==== DATASET ====

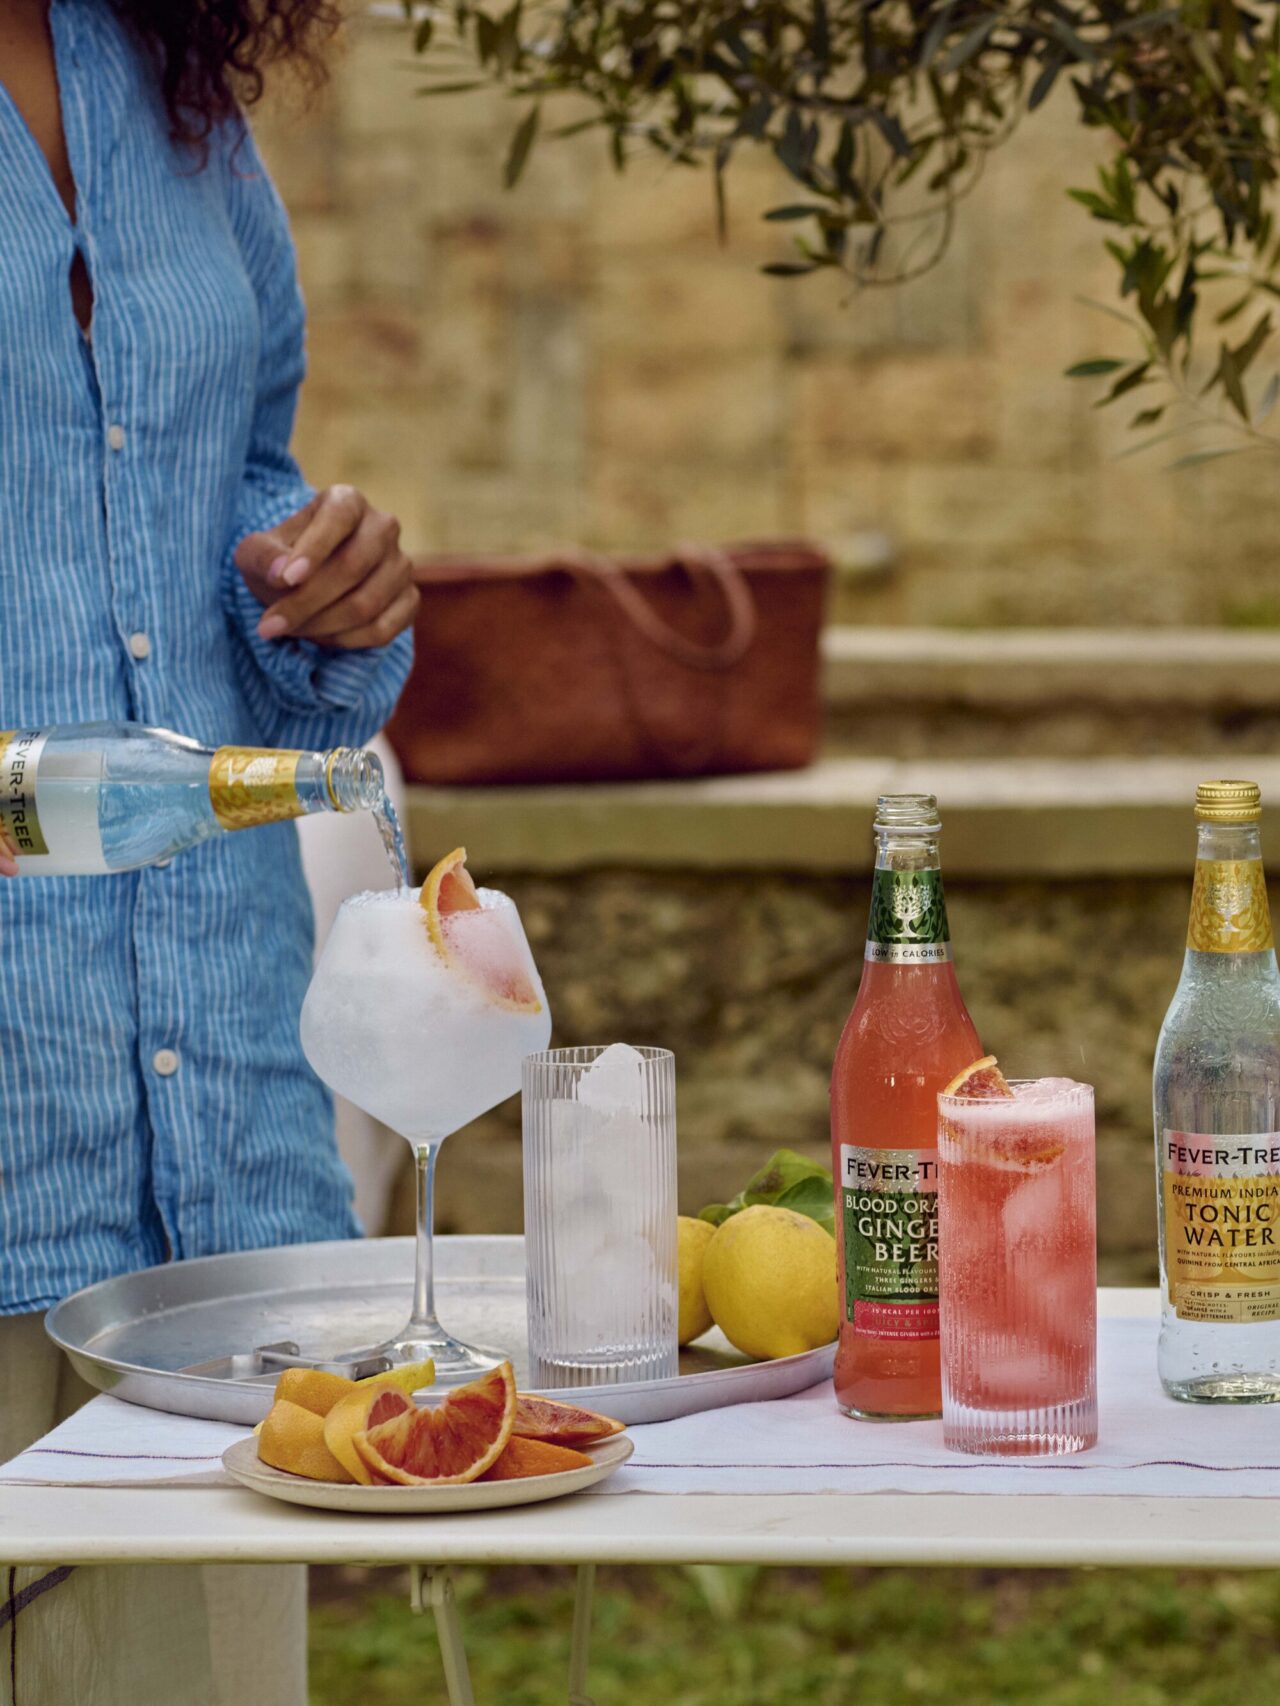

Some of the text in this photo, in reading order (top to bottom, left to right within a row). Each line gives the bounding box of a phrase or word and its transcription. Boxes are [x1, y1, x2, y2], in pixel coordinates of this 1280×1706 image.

[9, 731, 41, 849] FEVER-TREE
[872, 948, 888, 956] LOW
[902, 948, 945, 958] CALORIES
[847, 1157, 938, 1181] FEVER-T
[1172, 1184, 1232, 1199] PREMIUM
[846, 1194, 897, 1214] BLOOD
[1186, 1203, 1270, 1224] TONIC
[1184, 1226, 1275, 1247] WATER
[875, 1242, 939, 1263] BEER
[1177, 1258, 1203, 1267] QUININE
[1224, 1260, 1256, 1268] CENTRAL
[1258, 1258, 1280, 1267] AFRICA
[856, 1265, 937, 1275] WITH NATURAL FLAVOURS
[875, 1276, 897, 1284] THREE
[900, 1276, 932, 1284] GINGERS
[865, 1284, 892, 1292] ITALIAN
[1190, 1290, 1220, 1298] CRISP
[1237, 1290, 1271, 1299] FRESH
[1247, 1303, 1279, 1311] ORIGINAL

====

REQUIREMENT | An exact copy of all the records is required, with the pictures omitted.

ANSWER TO THE PROBLEM |
Some of the text in this photo, in reading order (top to bottom, left to right within a row). Each line gives the bounding box of a phrase or word and its transcription. Boxes are [x1, y1, x2, y2], in pixel coordinates of this 1280×1706 image.

[9, 731, 41, 849] FEVER-TREE
[872, 948, 888, 956] LOW
[902, 948, 945, 958] CALORIES
[847, 1157, 938, 1181] FEVER-T
[1172, 1184, 1232, 1199] PREMIUM
[846, 1194, 897, 1214] BLOOD
[1186, 1203, 1270, 1224] TONIC
[1184, 1226, 1275, 1247] WATER
[875, 1242, 939, 1263] BEER
[1177, 1258, 1203, 1267] QUININE
[1224, 1260, 1256, 1268] CENTRAL
[1258, 1258, 1280, 1267] AFRICA
[856, 1265, 937, 1275] WITH NATURAL FLAVOURS
[875, 1276, 897, 1284] THREE
[900, 1276, 932, 1284] GINGERS
[865, 1284, 892, 1292] ITALIAN
[1190, 1290, 1220, 1298] CRISP
[1237, 1290, 1271, 1299] FRESH
[1247, 1303, 1279, 1311] ORIGINAL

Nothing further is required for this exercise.